Africa: High-tech answers to global problems

Invented by a young Ugandan who was shocked by the misdiagnosis that led to the death of his friend’s grandmother, the smart jacket eliminates most human error and can diagnose pneumonia three to four times faster than a medic.

Engineer Brian Turyabagye, 24, has called it Mamaope (Mother’s Hope) because of the estimated 500,000 children under the age of five who die from pneumonia in sub-Saharan Africa every year.

In Uganda alone, 27,000 children die from the condition each year, many of them because of misdiagnosis, according to Turyabagye.

“In the villages and remote areas, children get sick – and the first reaction is to treat them for malaria,” he explained. “Most people are aware of malaria, and the signs for malaria and pneumonia are very similar, so it is difficult for health professionals to differentiate.

“One of the processes that most doctors use is a stethoscope to the check the lungs. But pneumonia tends to be on side points around the body, not just in the chest or back. Mamaope’s accuracy of being able to diagnose what is healthy, and what is not, is very encouraging.”

It is hoped the jacket will be ready for use by spring this year.

ANY OTHER INNOVATIONS?

DNA technology is also being used in a bid to improve the lives of many by identifying t-shirts that have been made using forced labour.

New York company, DNA Applied Science, started investigating cotton after discovering that many luxury brands, including ones labelled 100 per cent Egyptian cotton, were, in fact, fake.

“We became interested in cotton about 10 years ago, when we heard that many of the high quality cotton sold for a premium was not what it claimed to be,” said chief executive James Hayward.

The company is now collaborating with the US Department of Agriculture to develop technology that can trace the cotton fibres on an item of clothing back to its source.

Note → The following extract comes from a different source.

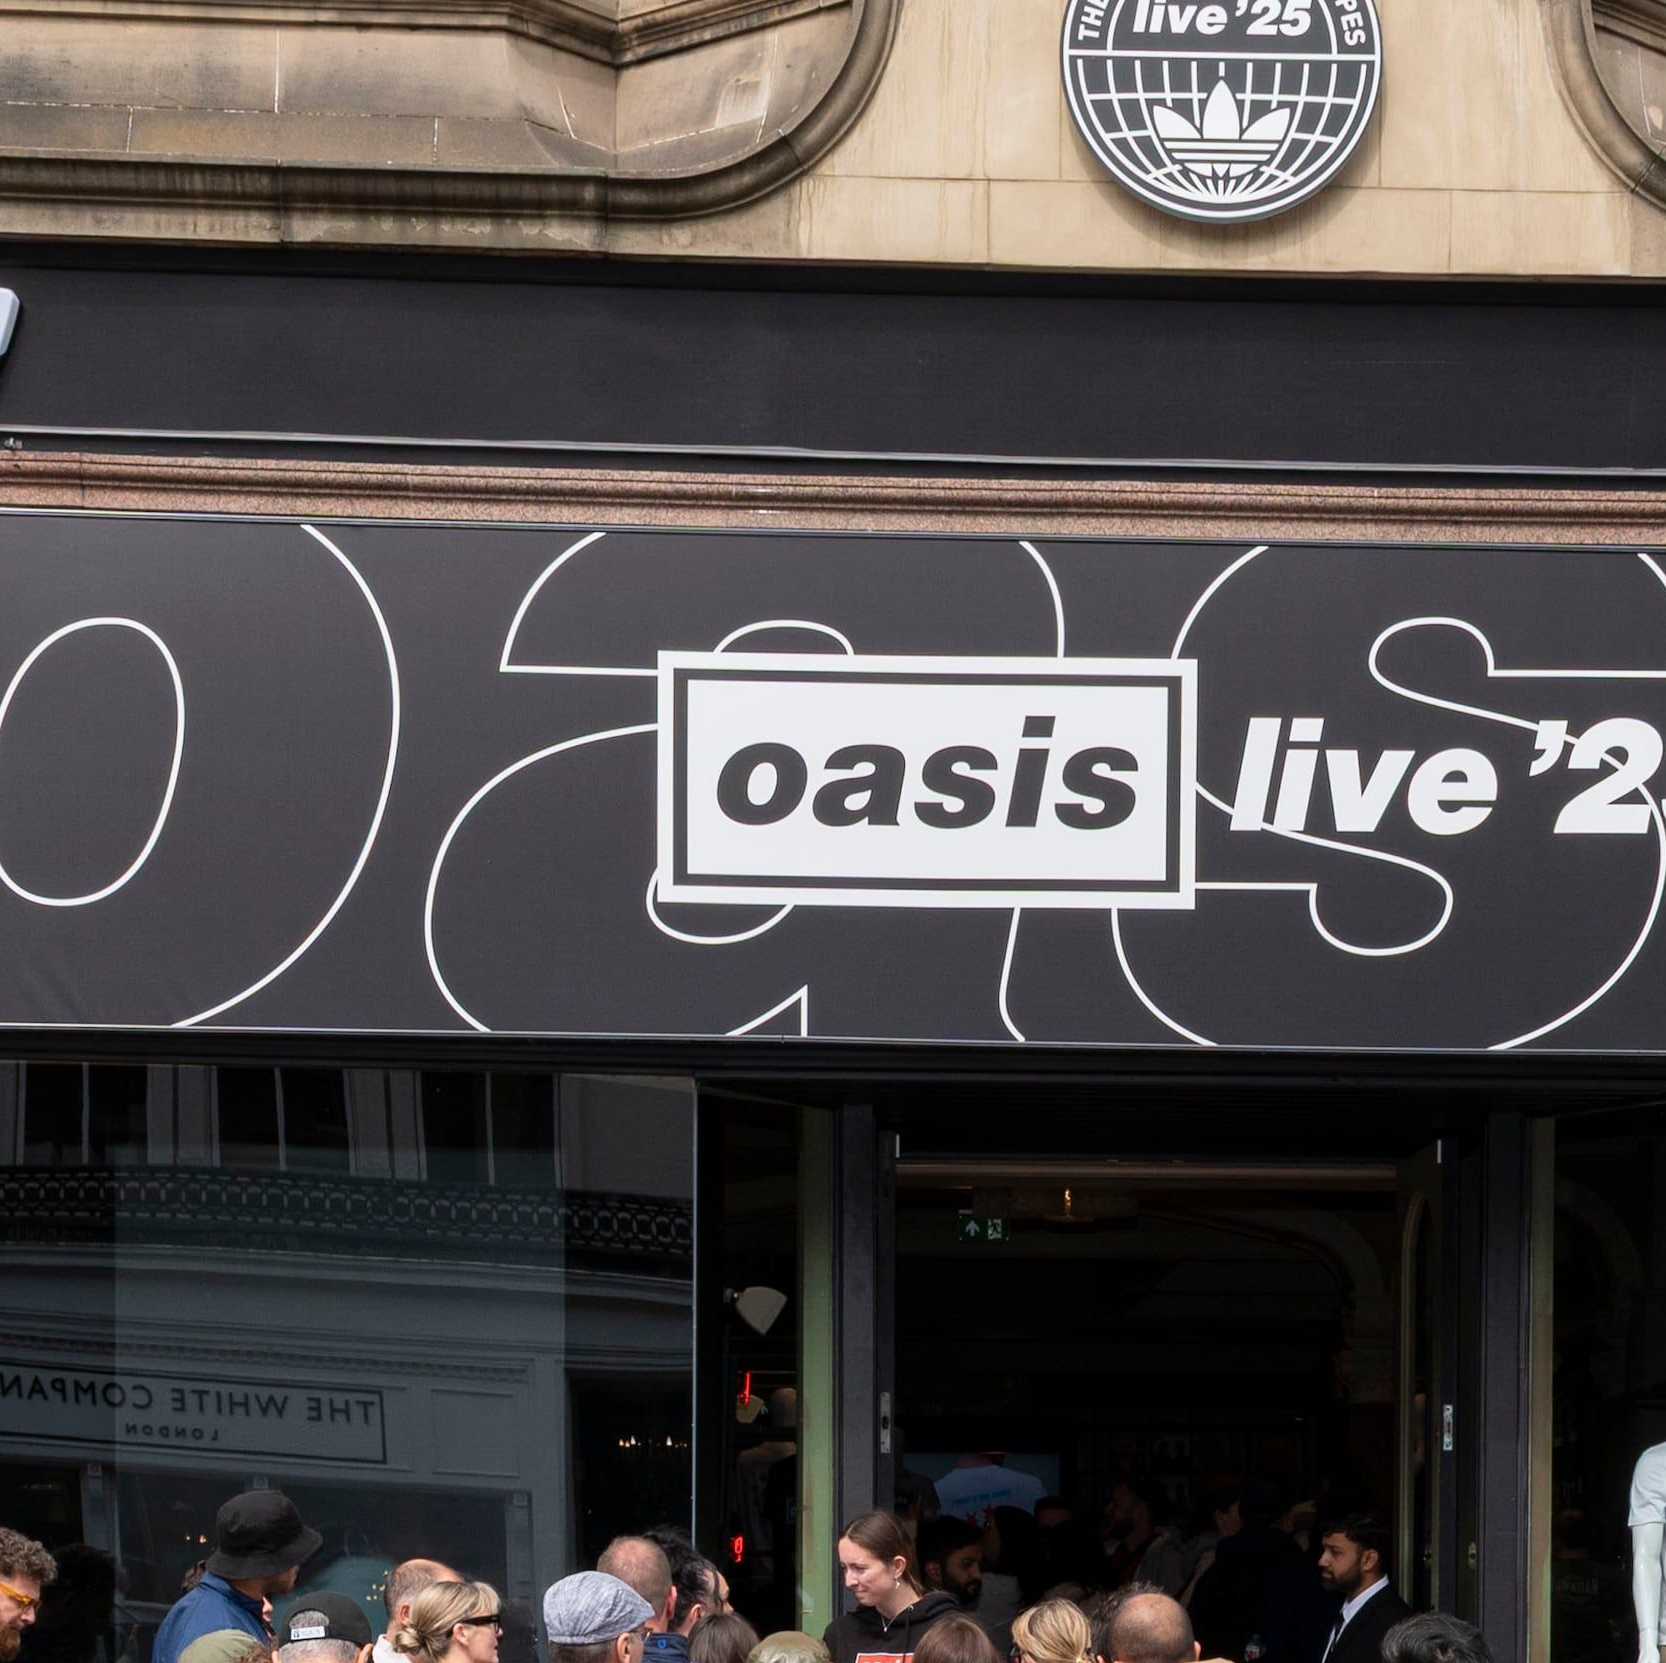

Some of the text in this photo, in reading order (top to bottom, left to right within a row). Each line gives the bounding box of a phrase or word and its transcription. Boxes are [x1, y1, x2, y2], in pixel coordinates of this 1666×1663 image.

[1132, 0, 1228, 35] live
[715, 715, 1138, 829] oasis
[1229, 716, 1498, 834] live

Each cotton plant has different DNA and Hayward has already shown that it is possible to identify high quality cotton like Pima or Egyptian from lower quality, cheaper brands.

“We proved back in 2009 that up to 80 per cent of the cotton sold as Pima is not,” said Hayward. “We thought the same was true for Egyptian cotton.”

Cotton is grown in over 100 countries and the supply chain is complex, making it simple for crooked producers to mix cheaper cotton into bales – some of which could have been picked by forced labour.

HOW CAN IT BE IDENTIFIED?

LAST year, Target, the US retailer, had to call back 750,000 pillow cases and sheets from its outlets after it was discovered they had been made with cheap cotton but falsely labelled as Egyptian. The company said an internal investigation showed Welspun India, one of the biggest textile producers on the planet, had used low instead of high quality cotton, although there was no evidence it had been picked using forced labour.

A botanical DNA tag, which acts as a molecular barcode, has now been developed by Hayward’s team. It can be sprayed on the fibre before it is baled so it can be regularly tested as it makes its way along the supply chain.

“We go to the locations and verify whether they are 100 per cent cotton every step of the way,” says Hayward. “It keeps the retailers from being cheated.”

The team is now working to identify the DNA of every species of cotton which would mean that retailers and customers will know if it has come from countries using forced labour.

They have already identified differences between some US varieties and cotton grown in Uzbekistan, one of 13 countries where forced labour is known to be used, according to Hayward.

“A retailer can have unwittingly included cotton that has been harvested with child or adult slaves,” he said. “We will soon be able to check the finished product. We are working our way to the stage of being able to identify the cotton from finished goods.”

WHAT ELSE IS HAPPENING?

ANOTHER innovation that could vastly improve the lives of many people around the world is being developed by the University of Glasgow.

Landmines and Improvised Explosive Devices (IEDs) kill or maim more than 4000 children and adults every year. Injuries can be devastating but a team at the university is using technology to develop artificially grown “off the shelf” bone replacements.

The £2.8m regenerative medicine project will use a 3D printer to make bone “scaffolds” coated with a growth substance.

They will then be put into the novel NanoKick bioreactor developed by Professors Matthew Dalby of the University of Glasgow and Stuart Reid of the University of the West of Scotland to stimulate bone formation and speed up delivery of lab grown bone to patients.

“In principle, the technology is very flexible and can be used for the needs of all sorts of different patients, including children,” said Professor Manuel Salmeron-Sanchez, the project lead.

“The aim will be to create a bone ready to be delivered in a couple of days anywhere in the world and which can then be used on a human being to minimise the impact of the injury as soon as possible.

“In the future there is the possibility that we could have small 3D printers in place in different countries with basic surgical theatres where the technology could be incorporated,” he said.